Virtual schools began to appear on the landscape and schools began offering courses that could be completed online, without students having to sit in a classroom. In 1997, Florida Virtual School opened its portals with 77 students. It now has more 400,000 than full- and part-time students and is by far the nation’s largest. According to iNACOL (the International Association for K-12 Online Learning), there are nearly two million students enrolled in online courses through local schools. Between 2011 and 2013 alone, there was a 55% increase in full-time students, the number going from 200,000 to 310,000. Since 2000 there has been a 12-fold growth in online learning. Few aspects of education have experienced such phenomenal growth.

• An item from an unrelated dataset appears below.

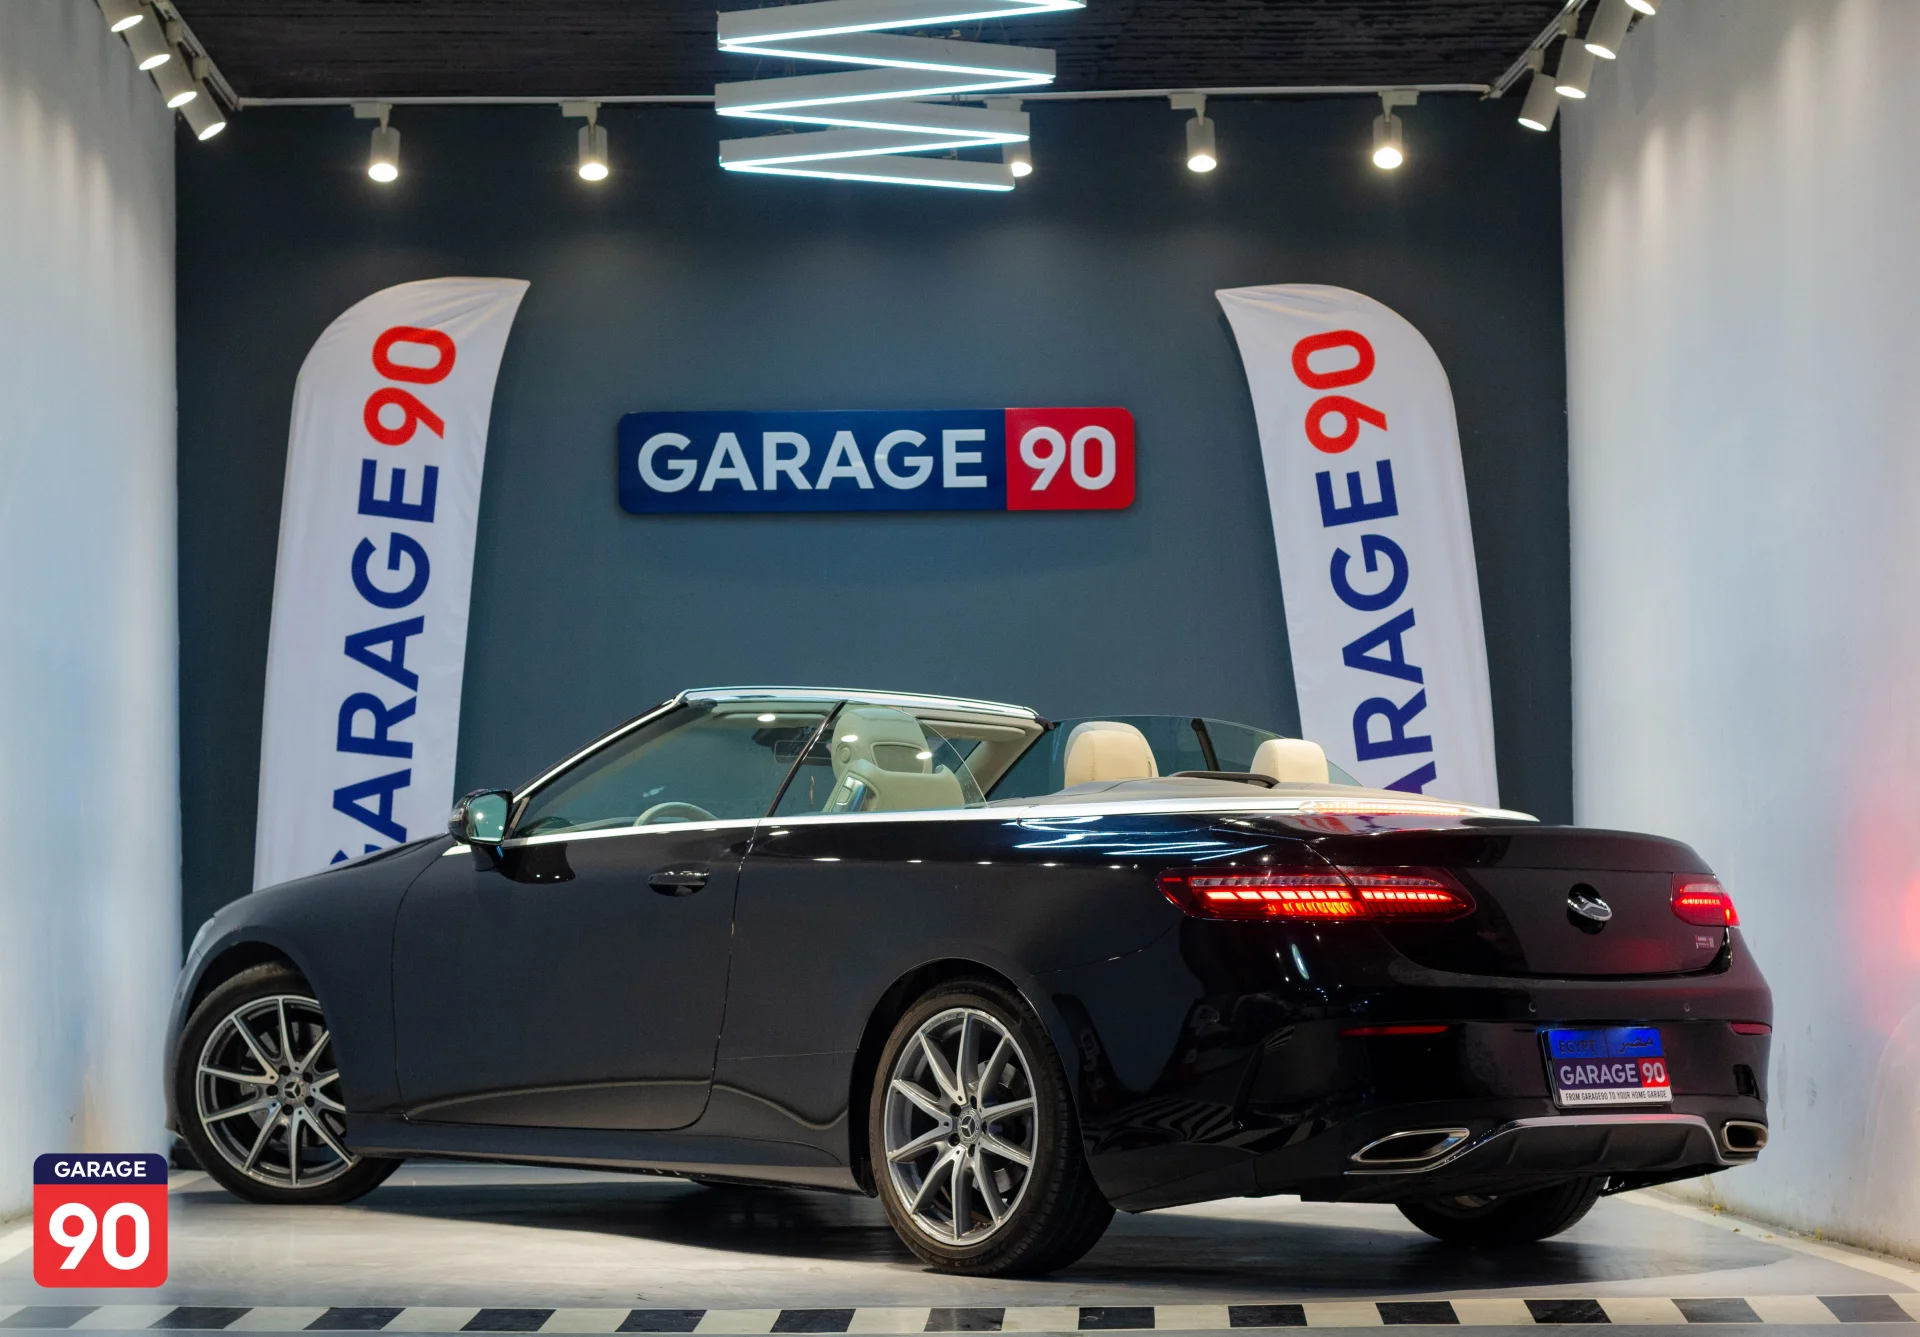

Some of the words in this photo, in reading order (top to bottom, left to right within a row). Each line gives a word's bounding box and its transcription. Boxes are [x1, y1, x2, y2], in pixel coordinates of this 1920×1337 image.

Even with all this growth the topic of virtual learning still spurs serious debate among educators. Many claim that the only way learning can take place is when a student sits in a classroom with other students and listens to someone standing in front of the classroom. Those who claim that learning can only take place in a classroom setting seem to forget that very often many students are not even modestly engaged in the material. As the teacher speaks to one or two students, the others may be dreaming, or looking out the window, or worse. Thus, attention and learning are not guaranteed by being physically present.

The discussion of the benefits of online learning is often obscured by self-interest. Many see the online environment as a threat to the role of the traditional teacher. The response to this concern is that there will always be a need for good teachers. I believe it is more important to focus on outcomes, on what students can—and do—learn and how these students can enter either college or the job market and become productive citizens.

In the blogs that follow I will discuss a number of issues related to the advantages—and disadvantages—of online learning. I welcome responses, comments and questions.